L’archivio, valorizzato dalle molteplici attività di Cinemazero, dai suoi festival e dalla Mediateca di Pordenone, porta da decenni e costantemente tesori delle sue collezioni nei principali luoghi espositivi del pianeta, in particolare conservando e valorizzando alcuni dei fondi più completi a livello mondiale su intellettuali e artisti come – fra gli altri –  Pier Paolo Pasolini, Federico Fellini, Tina Modotti, Andrej Tarkvoskij.

Poesia Doc

Sempre più di frequente le vite dei poeti vengono raccontate attraverso le immagini, la loro voce e quella di chi li ha conosciuti, nei luoghi da loro vissuti ed evocati. Ne vengono fuori intensi ritratti sull’uomo e la sua opera, talora intrecciati, in altri casi ineffabilmente discosti. Ecco, dunque, che continua Poesia doc, la collaborazione tra Cinemzero e Pordenonelegge nella proiezione di preziosi documentari su tre importanti poeti: mercoledì 18 settembre alle 18.00 in Sala Grande sarà proiettato, in anteprima assoluta, Mladen Machiedo. La quotidianità non ordinaria di un italianista croato. Al di là dell’enorme spessore dell’intellettuale Machiedo (ordinario di Italianistica all’Università di Zagabria, poeta, critico e saggista, traduttore di Montale), il documentario, promosso dalla Comunità Croata di Trieste e realizzato da Matteo Prodan, racconta la sua umanità. Pubblico e privato, poesie croate ed in italiano, Zagabria, Spalato, la sua casa, le aule dove insegnava, i suoi disegni e le sue passioni artistiche, tutto si mescola in un altrove, per tratteggiare la personalità eclettica di questo grande vecchio fuori da ogni paradigma. Saranno presenti l’autore e Cristina Bonadei.

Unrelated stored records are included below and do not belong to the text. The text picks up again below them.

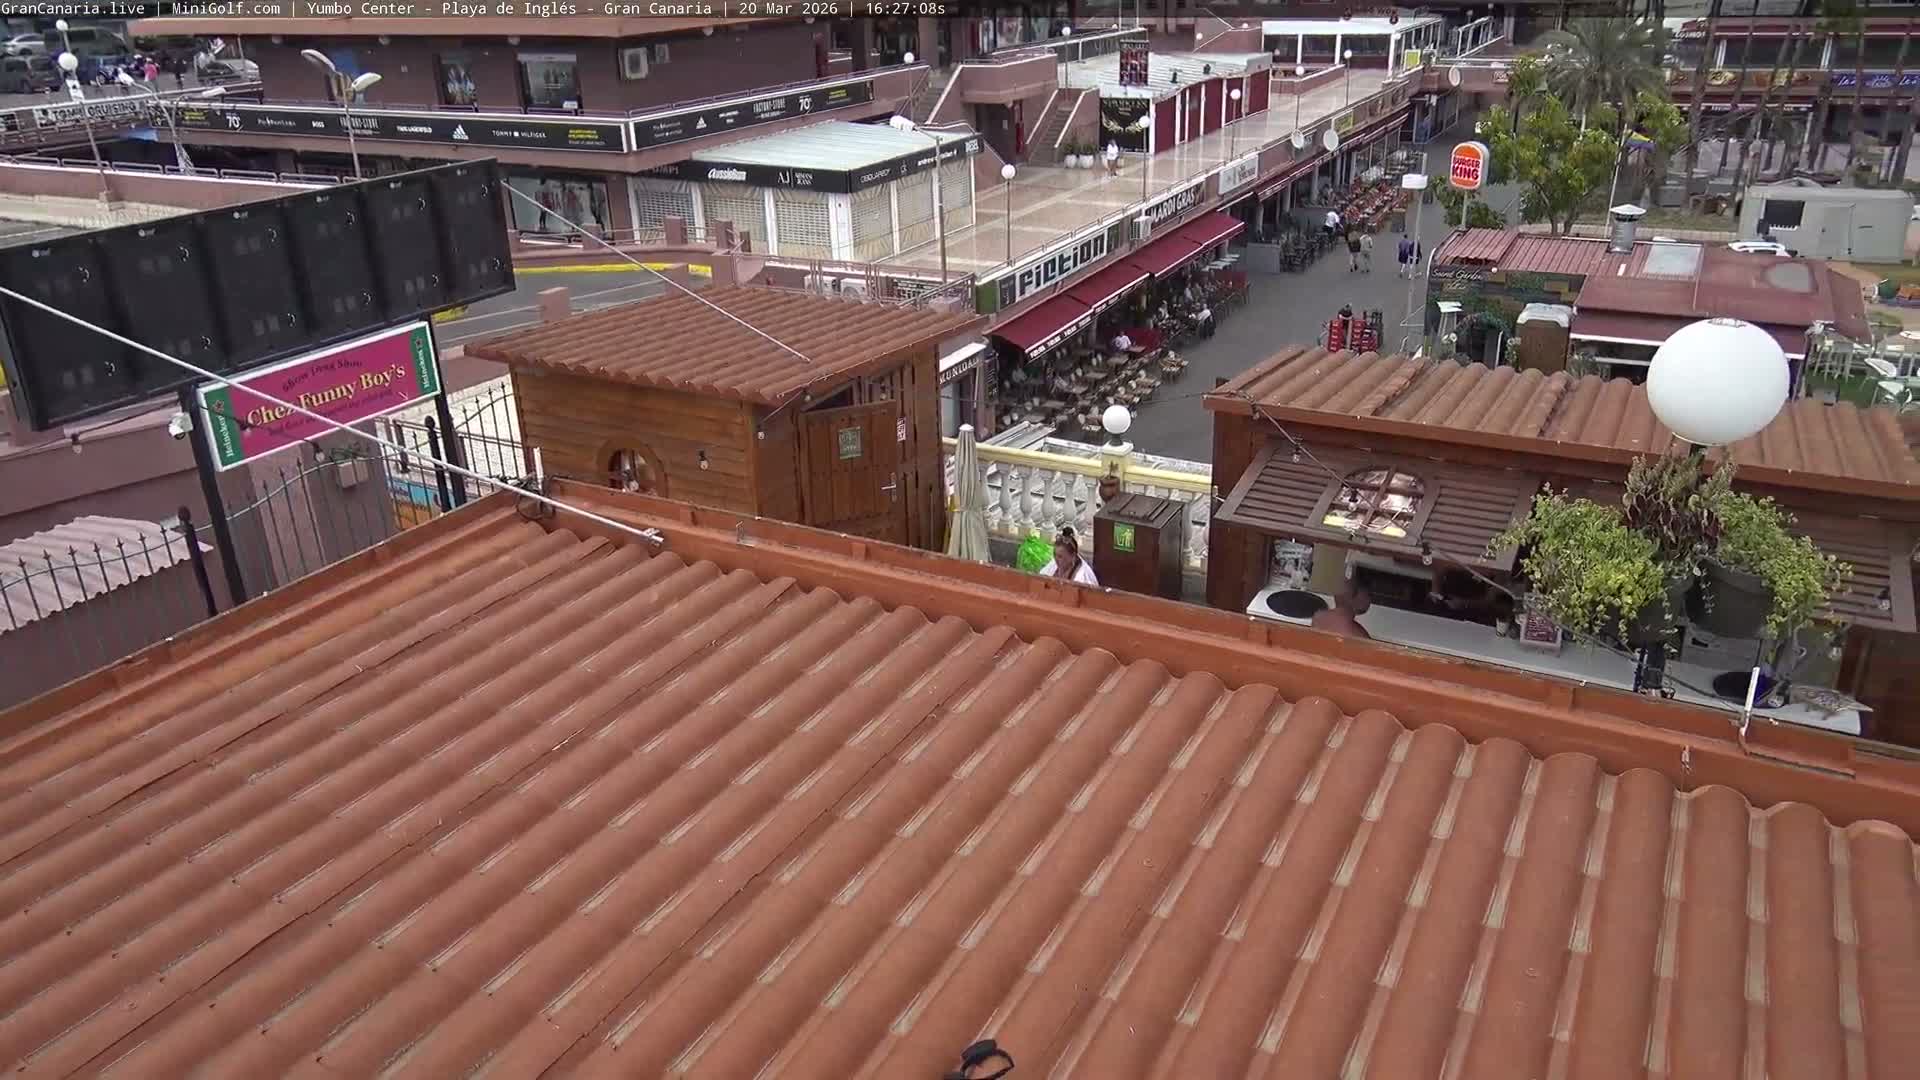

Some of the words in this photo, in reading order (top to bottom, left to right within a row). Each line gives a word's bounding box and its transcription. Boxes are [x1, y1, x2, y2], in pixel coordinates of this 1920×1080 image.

[1452, 166, 1479, 180] KING
[1453, 156, 1480, 169] BURGER
[1150, 198, 1176, 222] MARDI
[246, 403, 297, 426] Chez
[298, 381, 358, 410] Funny
[360, 363, 406, 390] Boy's
[216, 414, 235, 458] Heineken
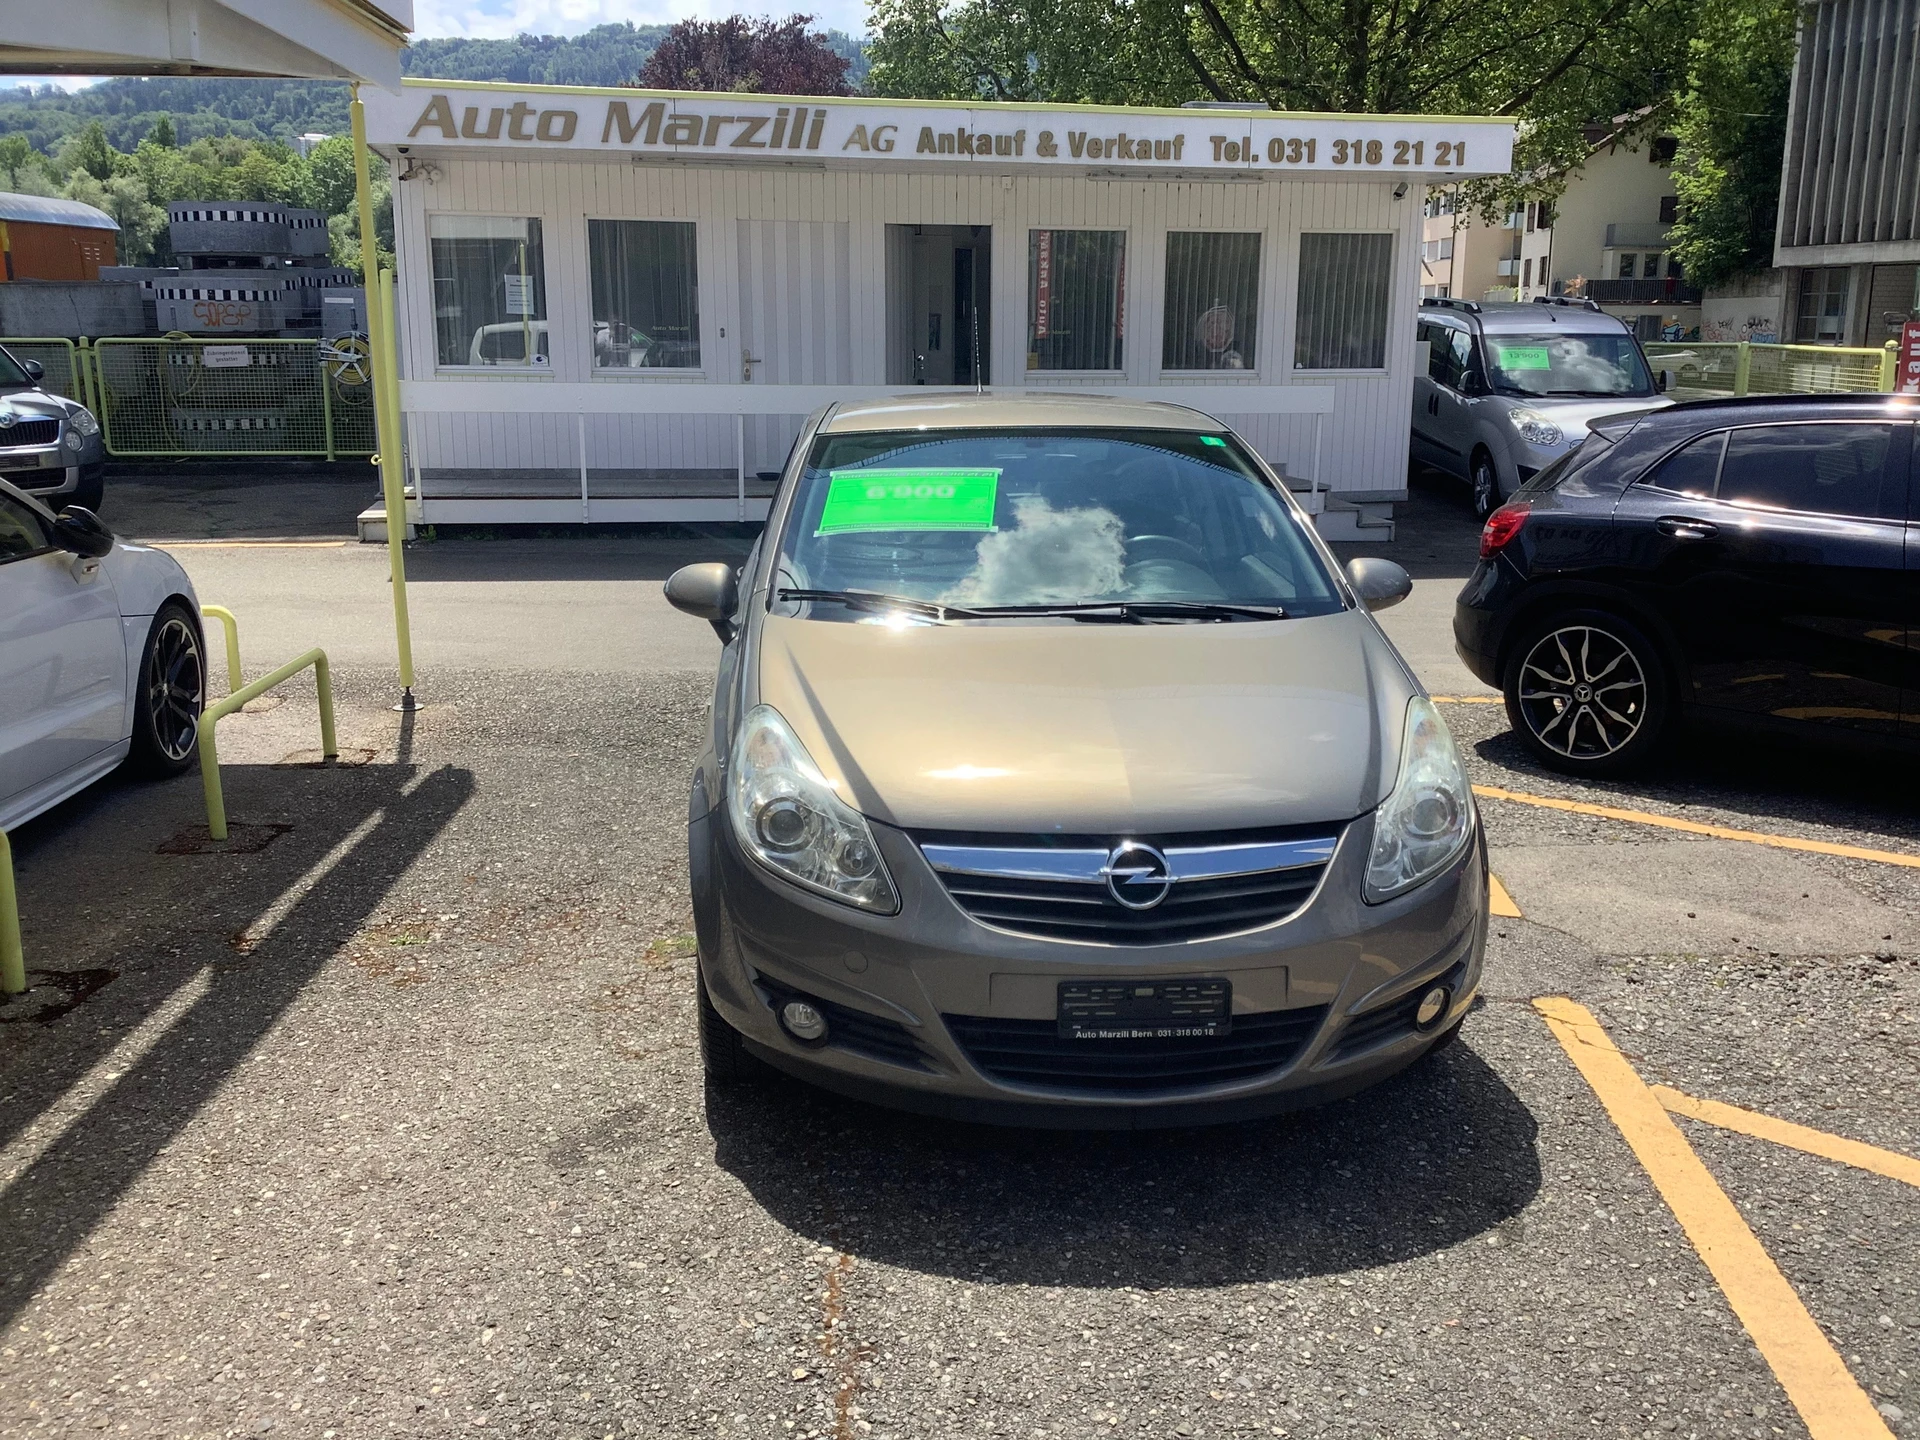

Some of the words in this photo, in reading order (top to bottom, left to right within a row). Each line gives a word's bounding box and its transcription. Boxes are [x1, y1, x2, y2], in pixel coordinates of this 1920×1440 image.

[407, 95, 578, 142] Auto
[600, 101, 826, 150] Marzili
[842, 124, 898, 153] AG
[916, 126, 1025, 156] Ankauf
[1036, 130, 1059, 158] &
[1068, 130, 1185, 160] Verkauf
[1210, 135, 1259, 164] Tel.
[1267, 136, 1316, 164] 031
[1332, 138, 1382, 165] 318
[1393, 140, 1424, 166] 21
[1435, 141, 1466, 166] 21
[865, 484, 957, 500] 6'900
[1075, 1030, 1097, 1039] Auto
[1099, 1030, 1129, 1038] Marzili
[1131, 1030, 1153, 1038] Bern
[1157, 1029, 1172, 1037] 031
[1176, 1028, 1191, 1037] 318
[1192, 1028, 1203, 1036] 00
[1204, 1028, 1214, 1036] 18
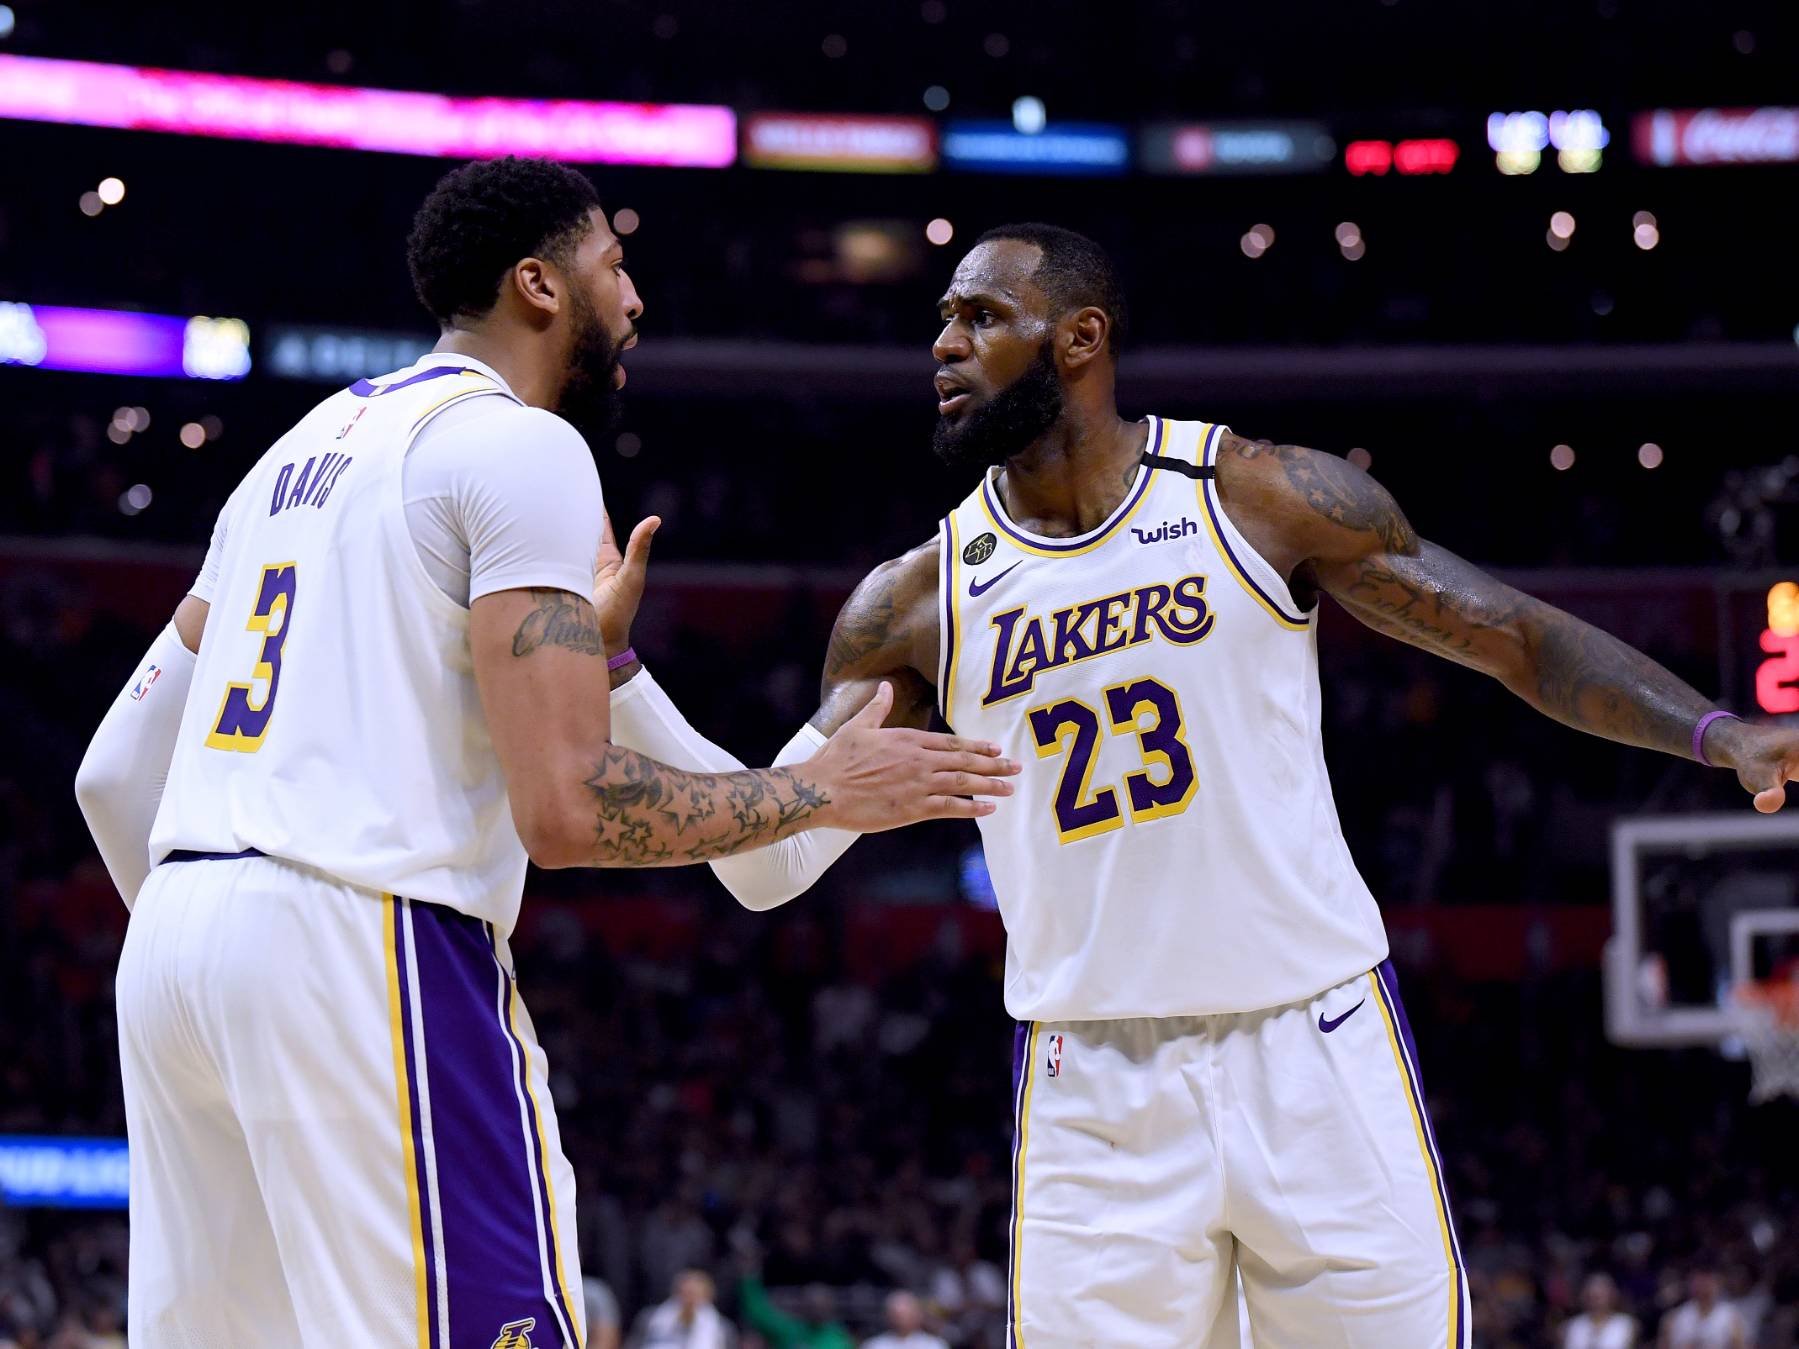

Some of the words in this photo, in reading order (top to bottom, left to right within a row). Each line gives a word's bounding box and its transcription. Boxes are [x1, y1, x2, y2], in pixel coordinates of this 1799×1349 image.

Giovedì 19 settembre alle 18.00 in Sala Modotti ci sarà Bellezza, addio: il documentario che ritrae Dario Bellezza, uno dei grandi poeti della seconda metà del Novecento, diventa il mosaico di una storia italiana irripetibile, segnata dalla grandezza dei suoi protagonisti e perseguitata da un cupo sentimento di morte. Le parole di amici, ammiratori ed esperti compongono la lucidità ribelle delle “invettive e licenze”, la disperata vitalità degli amori, la passione per una Roma centrale in cui si potevano incontrare gli intellettuali e i borgatari dei mercati di frutta e verdura, le marchette e gli scrittori spiantati.

Venerdì 20 settembre in Sala Modotti alle 18.00 sarà la volta di Un Paese ci vuole. Zavattini, Luzzara e il Po, l’ultimo lavoro di Francesco Conversano e Nene Grignaffini. Il documentario intreccia il racconto poetico di Cesare Zavattini e del suo Paese, Luzzara, visitata da fotografi di tutto il mondo, tra cui Paul Strand, Gianni Berengo Gardin, Stephen Shore, con la testimonianza di una emergenza ambientale, delle ferite e della fragilità del Fiume Po che il riscaldamento globale e la siccità stanno inesorabilmente trasformando, rendendolo un luogo desertificato e senza vita. Da qui, oggi più che mai, la necessità di riscoprire il valore dello stare insieme e della condivisione.

Infine sabato 21 settembre alle 17.30 nella Mediateca di Cinemazero verrà proiettato Parola di poeta. Autoritratto di Giovanni Raboni, un breve documentario che, a vent’anni dalla scomparsa di uno dei grandi poeti del Novecento, ne ripropone uno struggente autoritratto in cui vengono ripercorsi i luoghi, le figure familiari e le ragioni della sua poesia. A celebrarlo ci sarà Patrizia Valduga, che leggerà le Canzonette mortali. Nell’occasione la Mediateca annuncerà il costituirsi una sezione dedicata ai docufilm sui poeti e sulla poesia.